Conchita Kanashevich es de esas mujeres que atraen las miradas. Tiene lo que la gente suele llamar “belleza natural”. Es bastante alta y sus habituales tacones hacen que parezca que pueda tocar las nubes con las manos. Su pelo rubio, casi blanco, y sus ojos claros acompañan a su apellido para ratificar su procedencia de un país del este. Llegó a nuestro territorio poco tiempo después de que su padre muriera de forma inesperada mientras cultivaba la fría tierra letona. Pensó que podría tener suerte como modelo en la glamurosa ciudad de París y así ayudar a salir a adelante a su madre y a sus dos hermanas pequeñas. Sin embargo, el supuesto agente que la llevaría a las portadas de las más conocidas revistas de moda, tras arrebatarle los pocos ahorros con los que salió de casa, acabó por enviarla a trabajar en las plantaciones de fresas del sur de nuestro país. Fue aquí donde fue rebautizada con el nombre de Conchita y donde conoció a su actual marido.

Conchita Kanashevich se casó al poco tiempo de conocerlo. No fue el noviazgo ni la boda que soñó cuando era adolescente, pero pensó que al fin su vida daba el cambio de rumbo necesario para ser feliz. Su marido siempre le prometió que viajarían a visitar a su familia en cuanto el trabajo se lo permitiera. Han pasado ya tres años, pero Conchita todavía no ha podido cumplir su deseo más inmediato de poder abrazar a su familia.

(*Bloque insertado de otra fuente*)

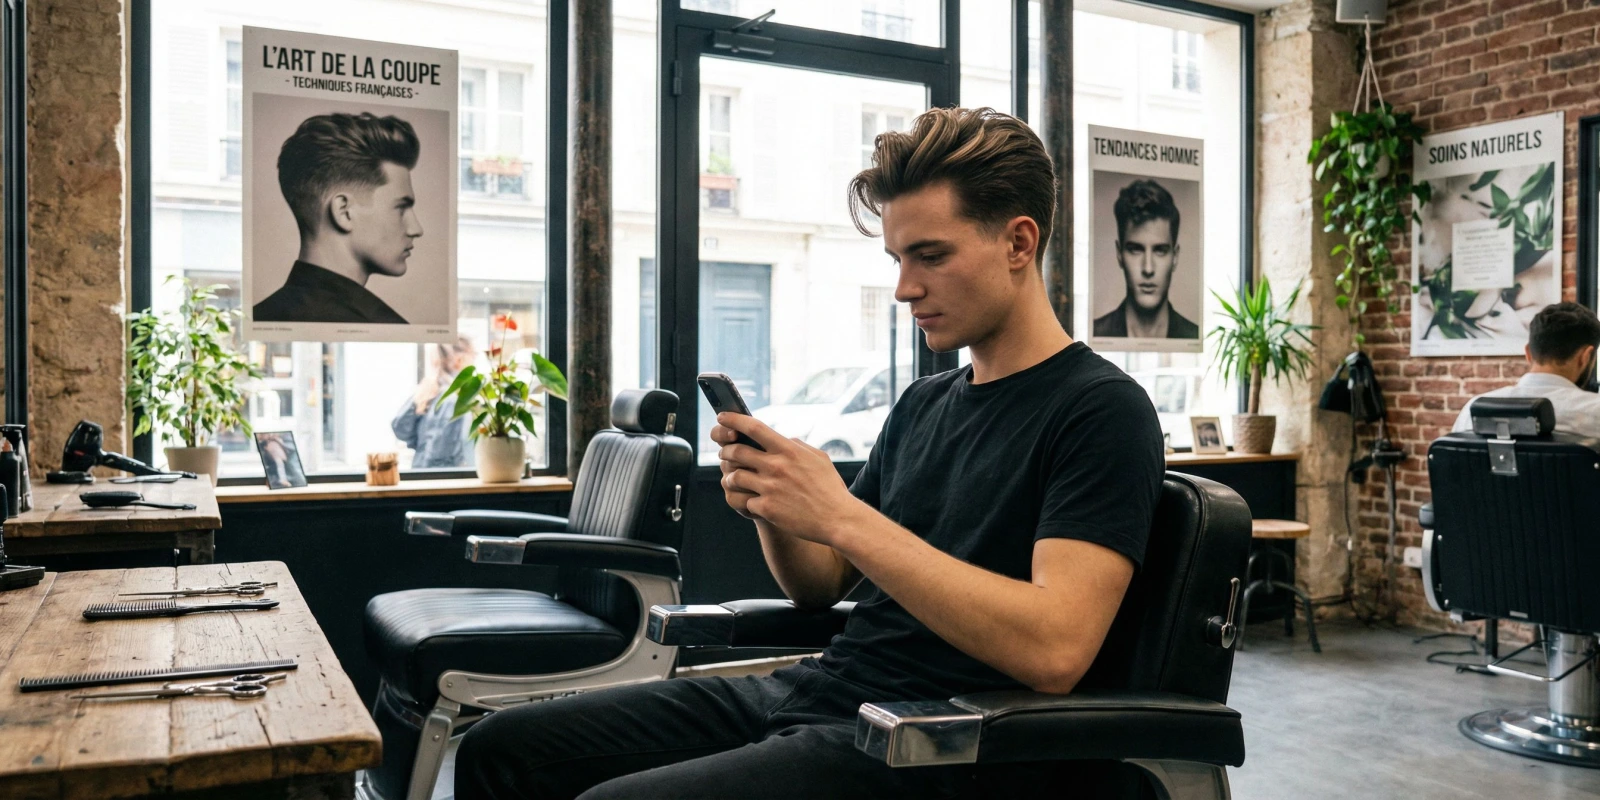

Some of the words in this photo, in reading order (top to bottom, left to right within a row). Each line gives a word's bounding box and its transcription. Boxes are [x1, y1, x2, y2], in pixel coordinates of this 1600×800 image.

[322, 52, 346, 76] DE
[352, 55, 375, 79] LA
[381, 59, 441, 86] COUPE
[293, 76, 352, 93] TECHNIQUES
[355, 82, 413, 99] FRANÇAISES
[1094, 137, 1158, 161] TENDANCES
[1160, 146, 1199, 166] HOMME
[1429, 142, 1467, 164] SOINS
[1471, 130, 1542, 158] NATURELS
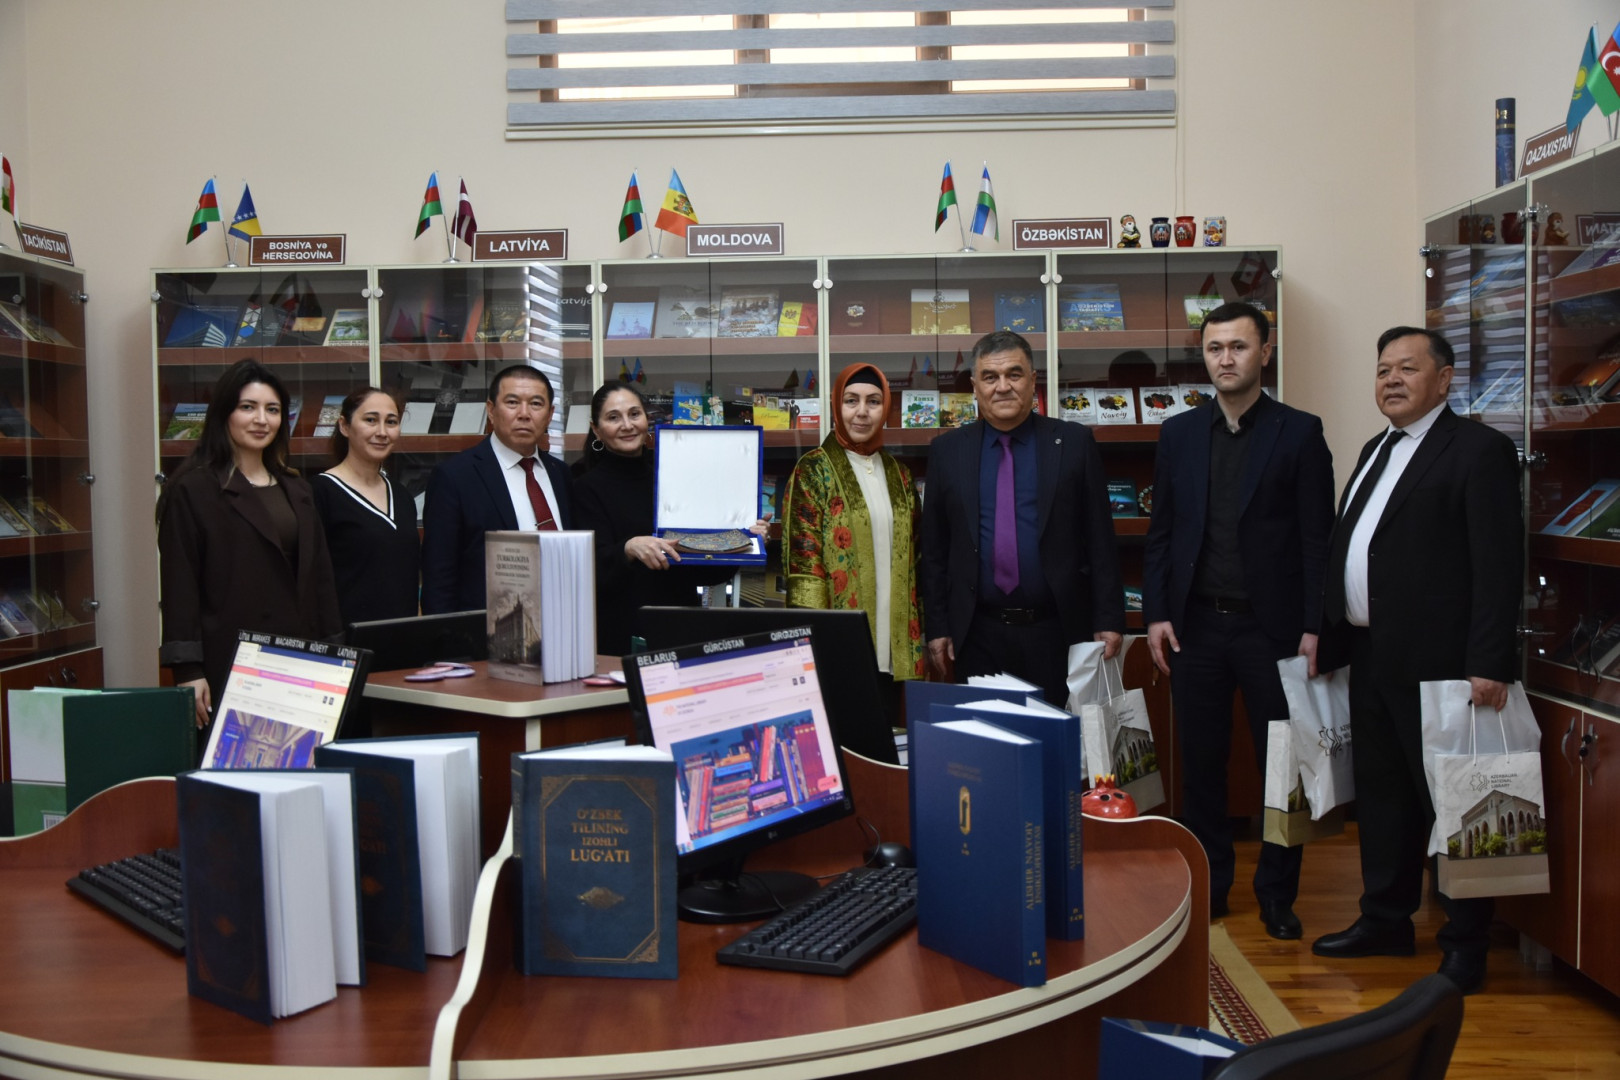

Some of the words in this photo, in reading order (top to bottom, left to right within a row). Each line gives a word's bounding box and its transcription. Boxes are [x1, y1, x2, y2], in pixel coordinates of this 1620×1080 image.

[1525, 132, 1575, 166] QAZAXISTAN
[697, 233, 773, 246] MOLDOVA
[1021, 226, 1103, 241] ÖZBƏKİSTAN
[22, 233, 67, 255] TACİKİSTAN
[269, 240, 312, 250] BOSNİYA
[489, 237, 550, 253] LATVİYA
[262, 250, 333, 260] HERSEQOVİNA
[636, 651, 677, 666] BELARUS
[703, 639, 744, 653] GÜRCÜSTAN

Conchita se encontraba sentada, con la cabeza baja, mirando el suelo. Sus cabellos actuaban como cortina de su cara, estaba en silencio y parecía no tener ganas de hablar con nadie, tampoco con los policías que la custodiaban. Emitió un leve quejido al colocarle el cabestrillo en su brazo izquierdo y apretó a los dientes al notar la gasa que recorría su maltrecho ojo derecho. Con ese apellido, quizá fuera una peligrosa espía que había sido atrapada y acusada por actuar como agente doble. Es lo que suele pasar en las películas, pero no era el caso.

Al finalizar, la única palabra que pronunció fue un “gracias”.  Fue entonces cuando cara a cara y ante su rostro magullado no pude evitar el profundo asco que a veces se puede sentir siendo hombre.


Sit tibi terra levis.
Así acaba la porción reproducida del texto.